### Data to examine

========================================

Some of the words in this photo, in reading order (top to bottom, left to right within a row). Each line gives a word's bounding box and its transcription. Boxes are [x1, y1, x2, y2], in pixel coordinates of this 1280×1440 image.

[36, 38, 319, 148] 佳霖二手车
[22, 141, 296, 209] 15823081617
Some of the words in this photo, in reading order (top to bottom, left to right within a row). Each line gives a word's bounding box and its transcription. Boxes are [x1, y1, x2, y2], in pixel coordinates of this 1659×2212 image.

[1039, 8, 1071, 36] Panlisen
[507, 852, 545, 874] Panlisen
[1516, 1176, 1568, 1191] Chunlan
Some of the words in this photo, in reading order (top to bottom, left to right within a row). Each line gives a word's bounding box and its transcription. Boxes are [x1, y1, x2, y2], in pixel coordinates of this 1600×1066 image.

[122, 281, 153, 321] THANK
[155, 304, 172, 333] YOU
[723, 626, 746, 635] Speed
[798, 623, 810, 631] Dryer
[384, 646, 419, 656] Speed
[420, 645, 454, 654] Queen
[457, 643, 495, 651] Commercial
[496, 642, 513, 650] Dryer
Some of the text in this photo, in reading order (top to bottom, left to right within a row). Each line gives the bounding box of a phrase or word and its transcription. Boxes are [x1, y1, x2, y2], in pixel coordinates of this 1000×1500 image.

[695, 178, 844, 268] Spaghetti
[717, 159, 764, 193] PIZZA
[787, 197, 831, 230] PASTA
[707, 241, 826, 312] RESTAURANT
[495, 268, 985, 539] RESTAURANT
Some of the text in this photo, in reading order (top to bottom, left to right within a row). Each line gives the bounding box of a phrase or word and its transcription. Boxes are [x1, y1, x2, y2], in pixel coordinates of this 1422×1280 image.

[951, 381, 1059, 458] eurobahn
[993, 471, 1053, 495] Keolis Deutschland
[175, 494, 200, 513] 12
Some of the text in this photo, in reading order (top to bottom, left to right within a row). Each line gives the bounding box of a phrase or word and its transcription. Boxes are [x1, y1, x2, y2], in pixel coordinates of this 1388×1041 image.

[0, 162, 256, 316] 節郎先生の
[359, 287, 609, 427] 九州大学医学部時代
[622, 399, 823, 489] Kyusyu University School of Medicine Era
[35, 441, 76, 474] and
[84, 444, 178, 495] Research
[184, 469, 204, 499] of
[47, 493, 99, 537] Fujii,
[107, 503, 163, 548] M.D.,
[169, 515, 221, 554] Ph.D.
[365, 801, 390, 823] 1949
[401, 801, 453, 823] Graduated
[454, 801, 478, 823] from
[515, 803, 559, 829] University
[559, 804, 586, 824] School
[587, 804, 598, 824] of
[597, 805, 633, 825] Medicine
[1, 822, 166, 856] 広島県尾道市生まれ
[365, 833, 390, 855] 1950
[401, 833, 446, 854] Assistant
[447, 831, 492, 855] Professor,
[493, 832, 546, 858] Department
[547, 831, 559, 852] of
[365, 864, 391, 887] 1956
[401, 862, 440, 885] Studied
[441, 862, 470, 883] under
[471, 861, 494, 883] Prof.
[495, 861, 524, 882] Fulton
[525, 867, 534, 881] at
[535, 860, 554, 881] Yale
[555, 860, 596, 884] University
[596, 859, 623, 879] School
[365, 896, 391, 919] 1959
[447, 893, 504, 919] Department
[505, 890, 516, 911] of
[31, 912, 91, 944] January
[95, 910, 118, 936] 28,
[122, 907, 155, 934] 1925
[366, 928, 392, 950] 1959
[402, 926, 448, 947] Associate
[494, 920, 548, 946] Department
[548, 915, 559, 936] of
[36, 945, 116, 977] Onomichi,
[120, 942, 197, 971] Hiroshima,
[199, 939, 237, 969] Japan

========================================

### Exercise requirements
Your task is to reproduce all the data exactly as shown.

### Task answer
Some of the words in this photo, in reading order (top to bottom, left to right within a row). Each line gives a word's bounding box and its transcription. Boxes are [x1, y1, x2, y2], in pixel coordinates of this 1280×1440 image.

[36, 38, 319, 148] 佳霖二手车
[22, 141, 296, 209] 15823081617
Some of the words in this photo, in reading order (top to bottom, left to right within a row). Each line gives a word's bounding box and its transcription. Boxes are [x1, y1, x2, y2], in pixel coordinates of this 1659×2212 image.

[1039, 8, 1071, 36] Panlisen
[507, 852, 545, 874] Panlisen
[1516, 1176, 1568, 1191] Chunlan
Some of the words in this photo, in reading order (top to bottom, left to right within a row). Each line gives a word's bounding box and its transcription. Boxes are [x1, y1, x2, y2], in pixel coordinates of this 1600×1066 image.

[122, 281, 153, 321] THANK
[155, 304, 172, 333] YOU
[723, 626, 746, 635] Speed
[798, 623, 810, 631] Dryer
[384, 646, 419, 656] Speed
[420, 645, 454, 654] Queen
[457, 643, 495, 651] Commercial
[496, 642, 513, 650] Dryer
Some of the text in this photo, in reading order (top to bottom, left to right within a row). Each line gives the bounding box of a phrase or word and its transcription. Boxes are [x1, y1, x2, y2], in pixel coordinates of this 1000×1500 image.

[695, 178, 844, 268] Spaghetti
[717, 159, 764, 193] PIZZA
[787, 197, 831, 230] PASTA
[707, 241, 826, 312] RESTAURANT
[495, 268, 985, 539] RESTAURANT
Some of the text in this photo, in reading order (top to bottom, left to right within a row). Each line gives the bounding box of a phrase or word and its transcription. Boxes are [x1, y1, x2, y2], in pixel coordinates of this 1422×1280 image.

[951, 381, 1059, 458] eurobahn
[993, 471, 1053, 495] Keolis Deutschland
[175, 494, 200, 513] 12
Some of the text in this photo, in reading order (top to bottom, left to right within a row). Each line gives the bounding box of a phrase or word and its transcription. Boxes are [x1, y1, x2, y2], in pixel coordinates of this 1388×1041 image.

[0, 162, 256, 316] 節郎先生の
[359, 287, 609, 427] 九州大学医学部時代
[622, 399, 823, 489] Kyusyu University School of Medicine Era
[35, 441, 76, 474] and
[84, 444, 178, 495] Research
[184, 469, 204, 499] of
[47, 493, 99, 537] Fujii,
[107, 503, 163, 548] M.D.,
[169, 515, 221, 554] Ph.D.
[365, 801, 390, 823] 1949
[401, 801, 453, 823] Graduated
[454, 801, 478, 823] from
[515, 803, 559, 829] University
[559, 804, 586, 824] School
[587, 804, 598, 824] of
[597, 805, 633, 825] Medicine
[1, 822, 166, 856] 広島県尾道市生まれ
[365, 833, 390, 855] 1950
[401, 833, 446, 854] Assistant
[447, 831, 492, 855] Professor,
[493, 832, 546, 858] Department
[547, 831, 559, 852] of
[365, 864, 391, 887] 1956
[401, 862, 440, 885] Studied
[441, 862, 470, 883] under
[471, 861, 494, 883] Prof.
[495, 861, 524, 882] Fulton
[525, 867, 534, 881] at
[535, 860, 554, 881] Yale
[555, 860, 596, 884] University
[596, 859, 623, 879] School
[365, 896, 391, 919] 1959
[447, 893, 504, 919] Department
[505, 890, 516, 911] of
[31, 912, 91, 944] January
[95, 910, 118, 936] 28,
[122, 907, 155, 934] 1925
[366, 928, 392, 950] 1959
[402, 926, 448, 947] Associate
[494, 920, 548, 946] Department
[548, 915, 559, 936] of
[36, 945, 116, 977] Onomichi,
[120, 942, 197, 971] Hiroshima,
[199, 939, 237, 969] Japan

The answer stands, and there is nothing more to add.